At the same time, the Espace de Projection continued to host acoustic research which, once again, found outstanding applications, boosted by the exponential increase in computer processing power. In this case, the 2000s saw the invention of WFS (Wave Field Synthesis). This cutting-edge technology uses a ring of several hundred loudspeakers to recreate, for example, the perfect illusion of a sound source at the center of the hall moving through the audience. Olivier Olivier Warusfel, "The Espro's WFS system consists of a ring on 4 walls, with up to 280 loudspeakers positioned touching each other side by side.
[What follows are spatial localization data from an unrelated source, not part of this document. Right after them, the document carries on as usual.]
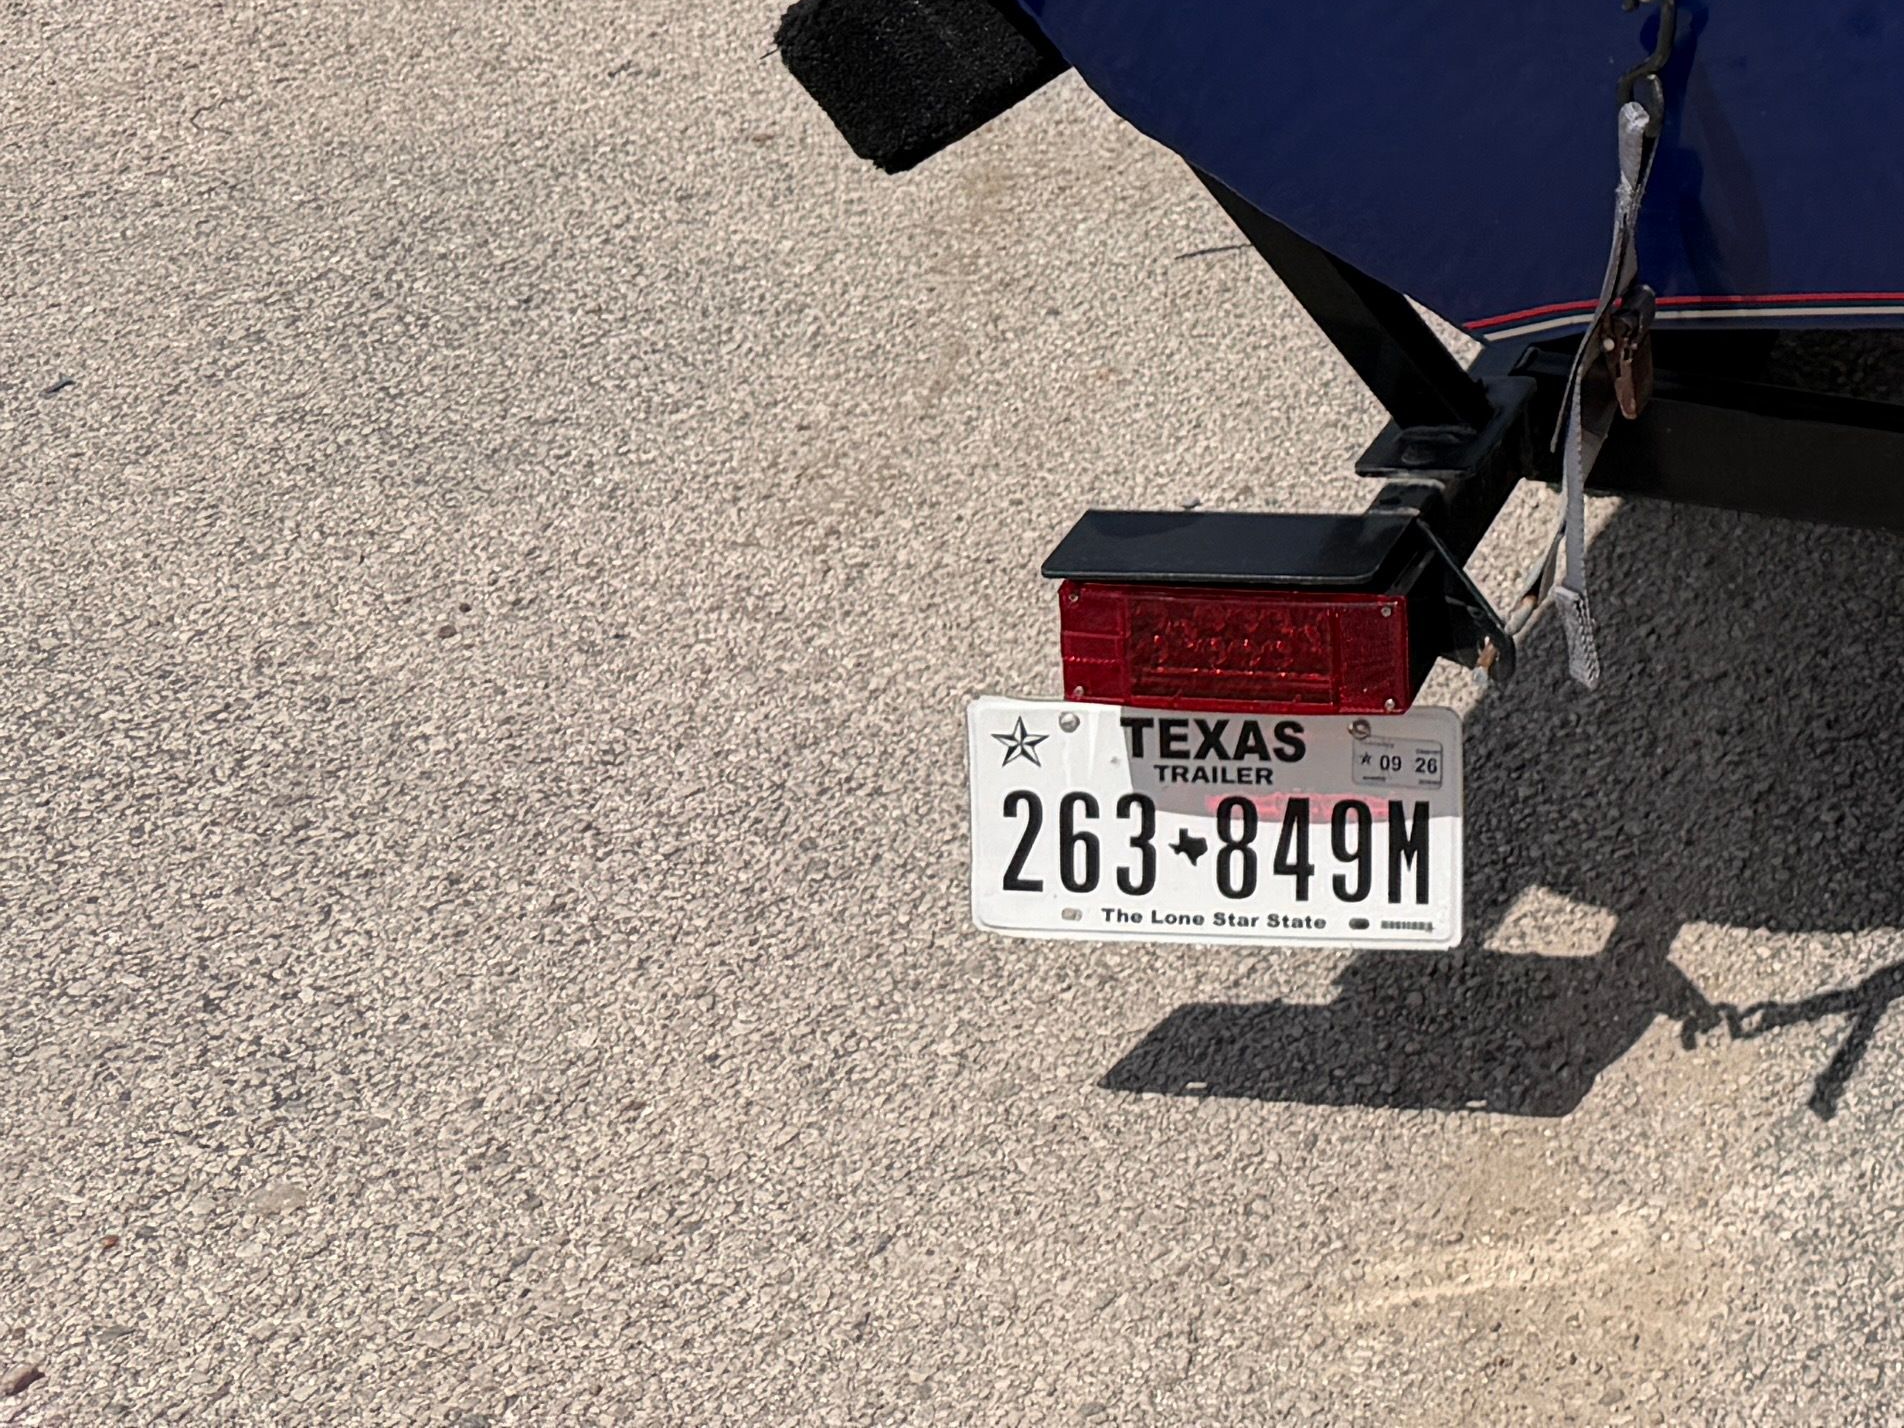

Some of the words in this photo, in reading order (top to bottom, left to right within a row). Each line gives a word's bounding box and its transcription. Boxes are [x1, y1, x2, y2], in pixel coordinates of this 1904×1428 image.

[1120, 716, 1307, 763] TEXAS
[1153, 764, 1274, 786] TRAILER
[1379, 754, 1402, 772] 09
[1415, 757, 1438, 774] 26
[1101, 907, 1143, 924] The
[1151, 909, 1205, 927] Lone
[1213, 911, 1259, 928] Star
[1266, 913, 1327, 930] State
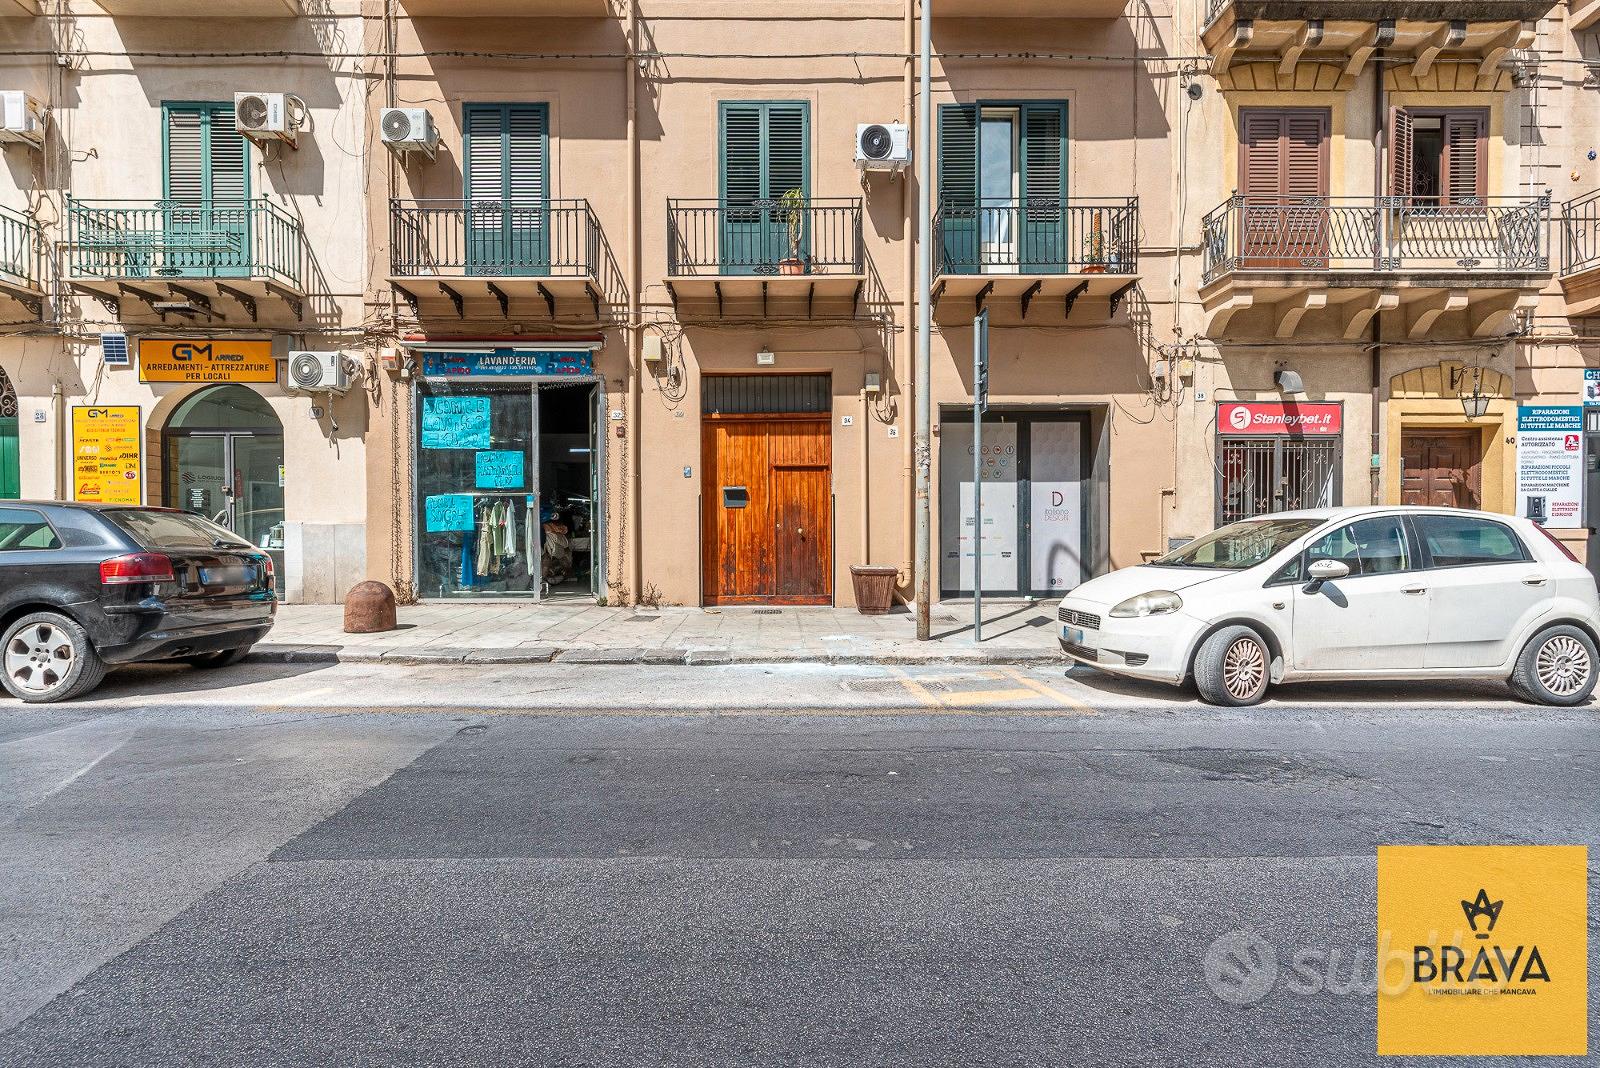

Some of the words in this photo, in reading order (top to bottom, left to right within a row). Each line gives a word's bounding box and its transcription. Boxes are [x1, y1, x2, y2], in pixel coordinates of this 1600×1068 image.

[171, 343, 213, 361] GM
[480, 356, 536, 366] LAVANDERIA
[146, 363, 203, 372] ARREDAMENTI
[211, 364, 270, 372] ATTREZZATURE
[186, 372, 200, 380] PER
[203, 372, 230, 380] LOCALI
[1253, 413, 1332, 426] Stanleybet.it
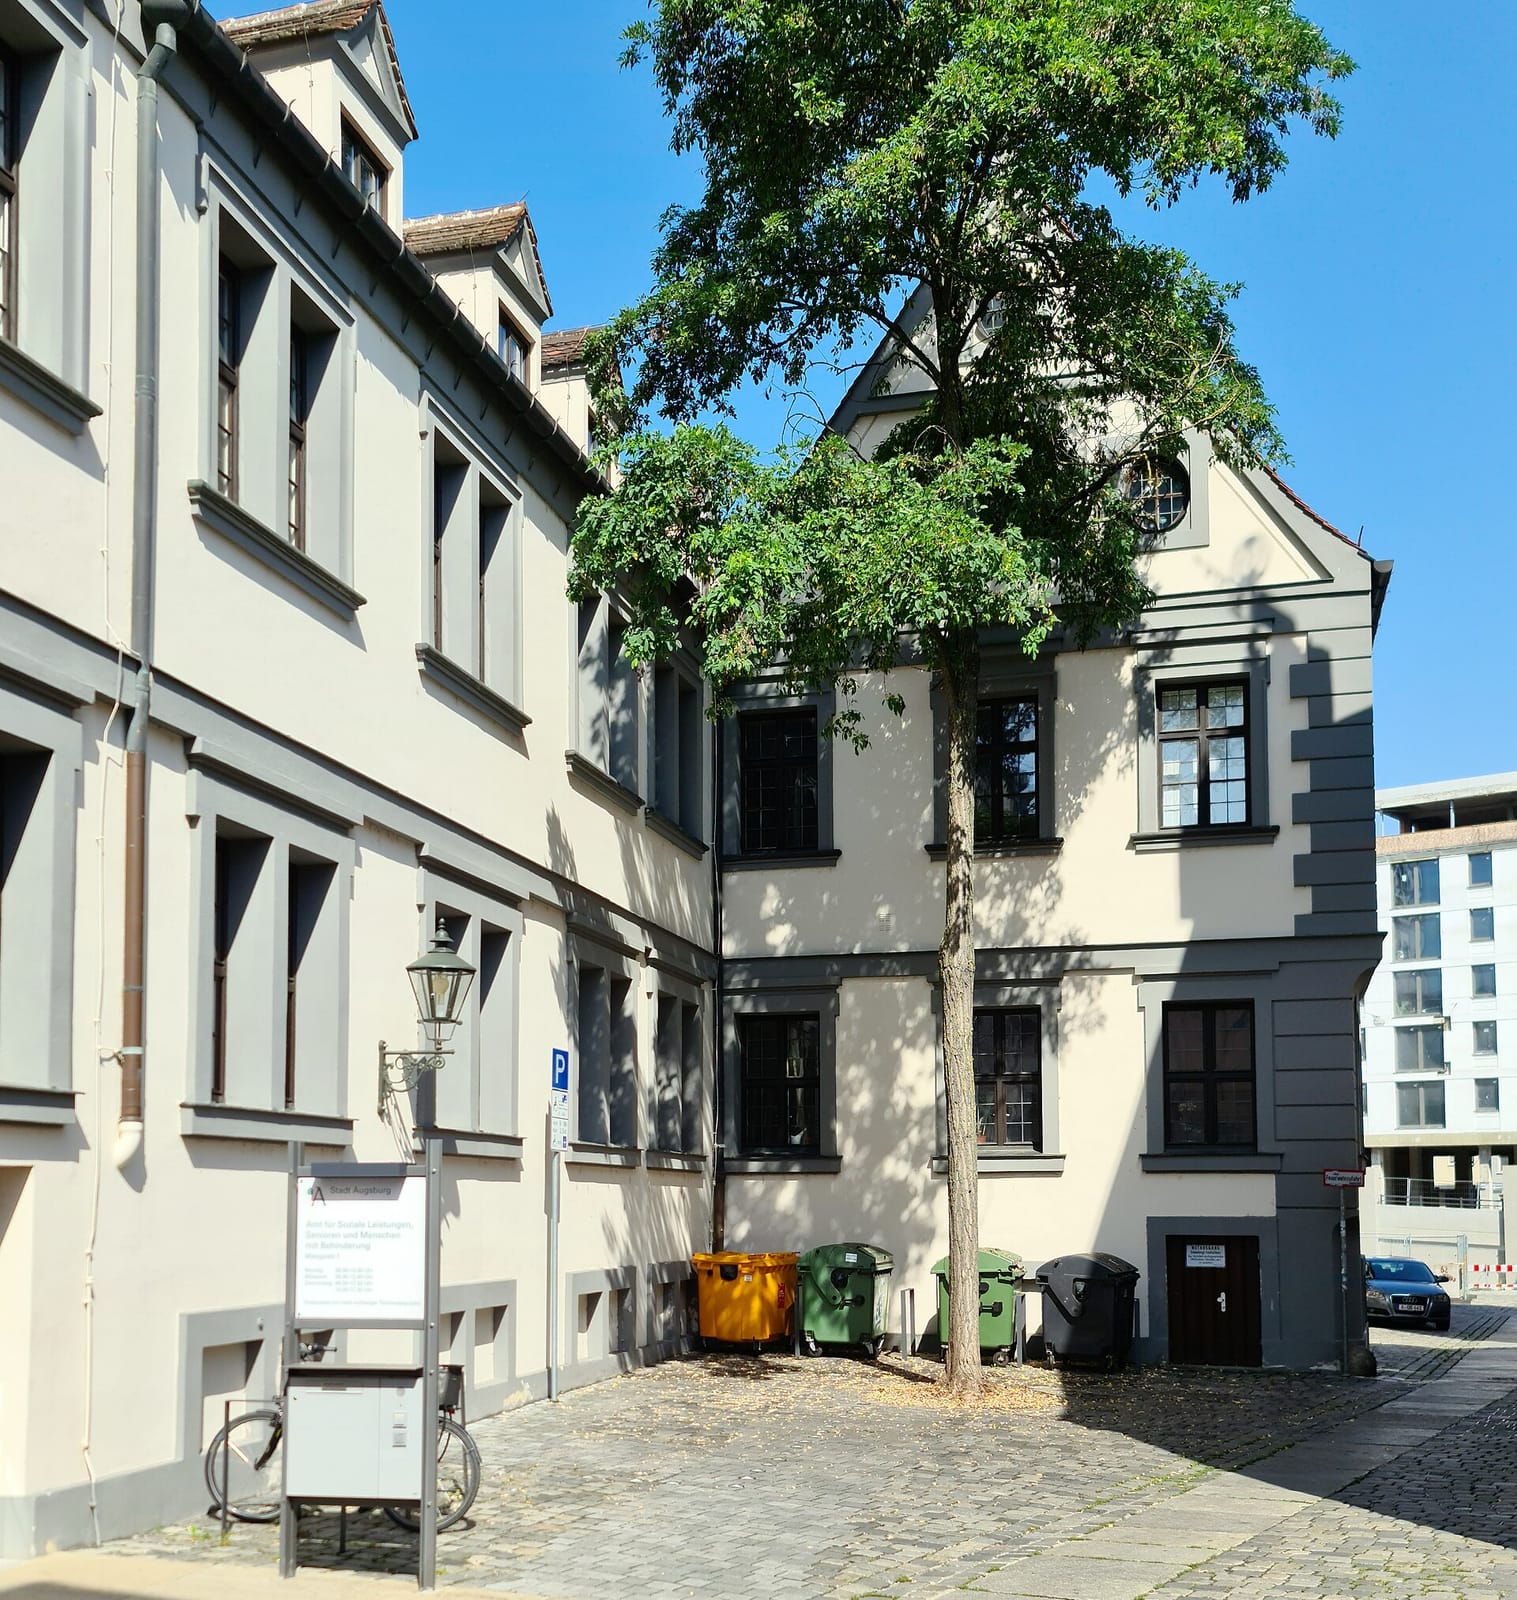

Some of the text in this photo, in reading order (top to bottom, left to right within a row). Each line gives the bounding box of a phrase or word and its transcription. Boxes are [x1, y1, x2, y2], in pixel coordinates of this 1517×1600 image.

[556, 1054, 566, 1084] P
[330, 1186, 392, 1195] Stadt Augsburg
[337, 1220, 366, 1229] Soziale
[305, 1230, 401, 1239] Senioren und Menschen
[304, 1241, 371, 1251] mit Behinderung
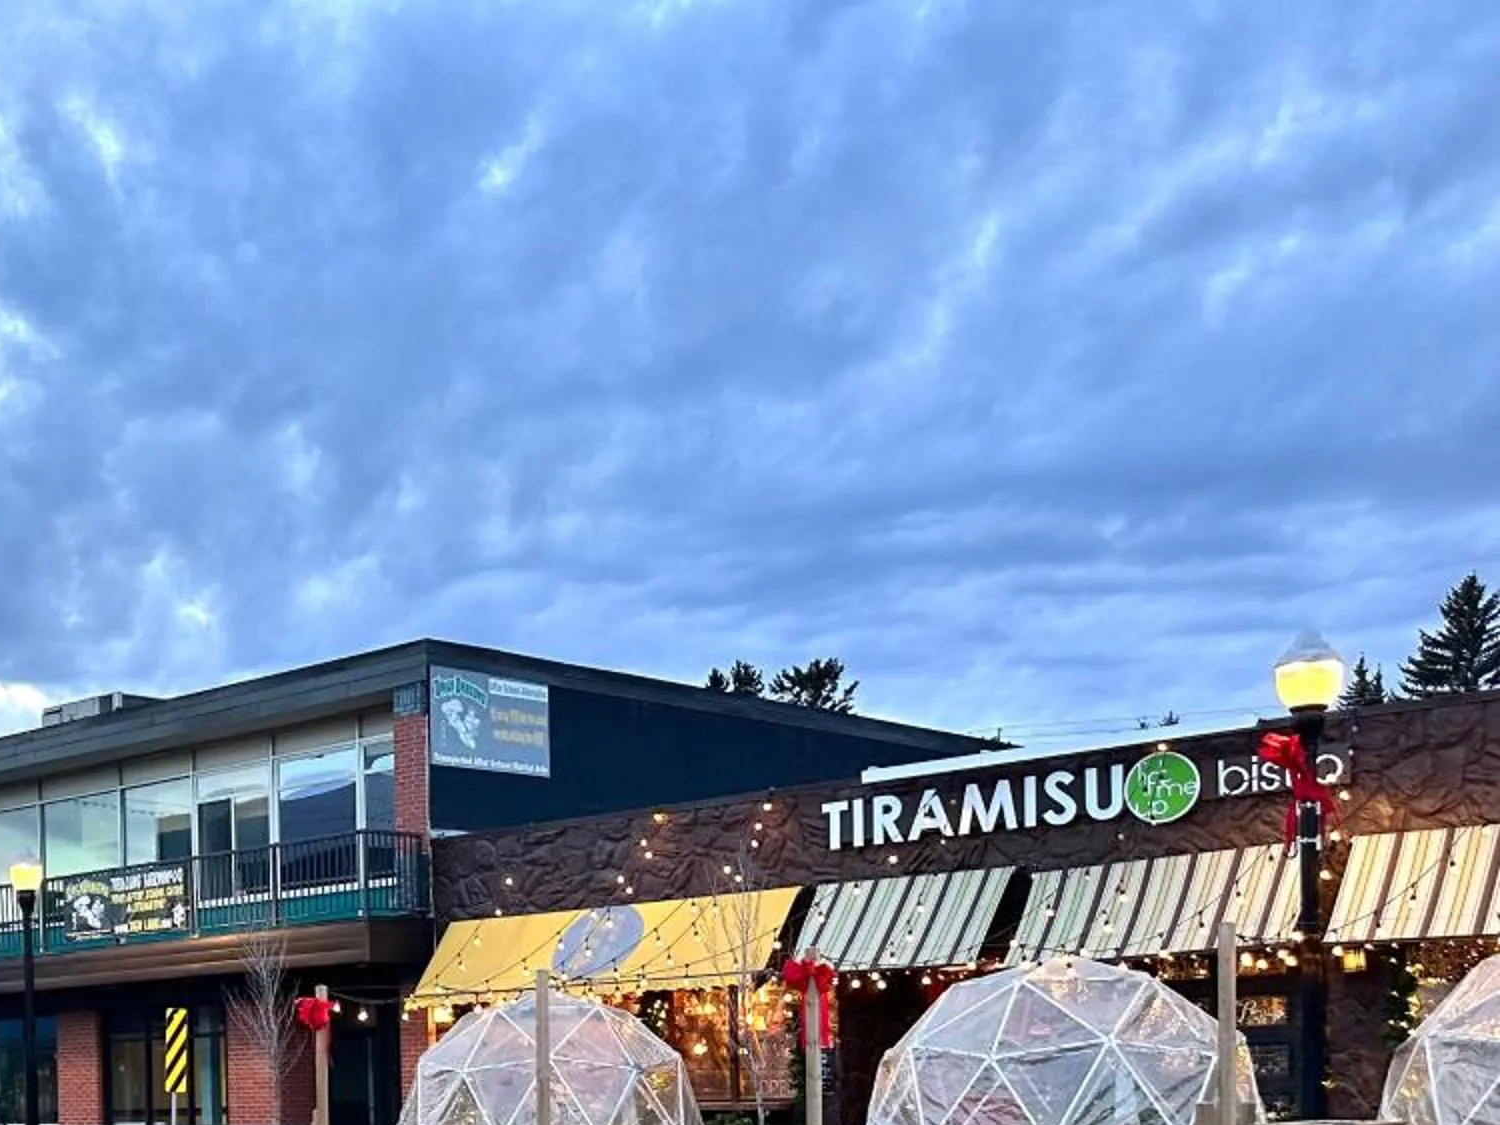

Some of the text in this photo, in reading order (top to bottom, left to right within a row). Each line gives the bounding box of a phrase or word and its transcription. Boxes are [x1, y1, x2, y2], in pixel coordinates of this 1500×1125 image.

This is complemented by a 75 loud-speaker HOA dome (High Order Ambisonics) on the walls and ceiling."
The combination of these two systems, HOA and WFS, conceived by Markus Noisternig for the Espace de Projection, and their integration into the Spatialisateur library by Thibaut Carpentier, created the most ambitious spatialization instrument of the late 2000s. "The inauguration of this comprehensive system was conducted with Natasha Barrett and Rama Gottfried, who were composers-in-residence in 2011," recalls Olivier Warusfel. “It was a great moment, bringing together IRCAM, the President of Pierre et Marie Curie University, the CNRS, co-financiers along with the Ile de France region..." He concludes, "The spatialisateur is the repository of our knowledge, the matrix."
A multitude of tools to inspire artists. In 2014, the Israeli Chaya Czernowin used WFS for HIDDEN, a score for string quartet and electronics, created as part of ManiFeste. Initiated by Frank Madlener, the Managing and Artistic Director of IRCAM since 2006, this festival for ‘time-based art (music, dance, theatre, video and film) and technological invention’ was a successor to Agora in 2012. A multitude of tools which also attracted ‘classical’ performers, such as pianists Hélène Grimaud and Alexandre Tharaud, who took advantage of the acoustic features of Espace de Projection for their recordings. Lastly, a multitude of tools which extended their use beyond the walls of Espro. From the main courtyard of the Palais des Papes in Avignon to China, a host of venues have been equipped with the WFS system.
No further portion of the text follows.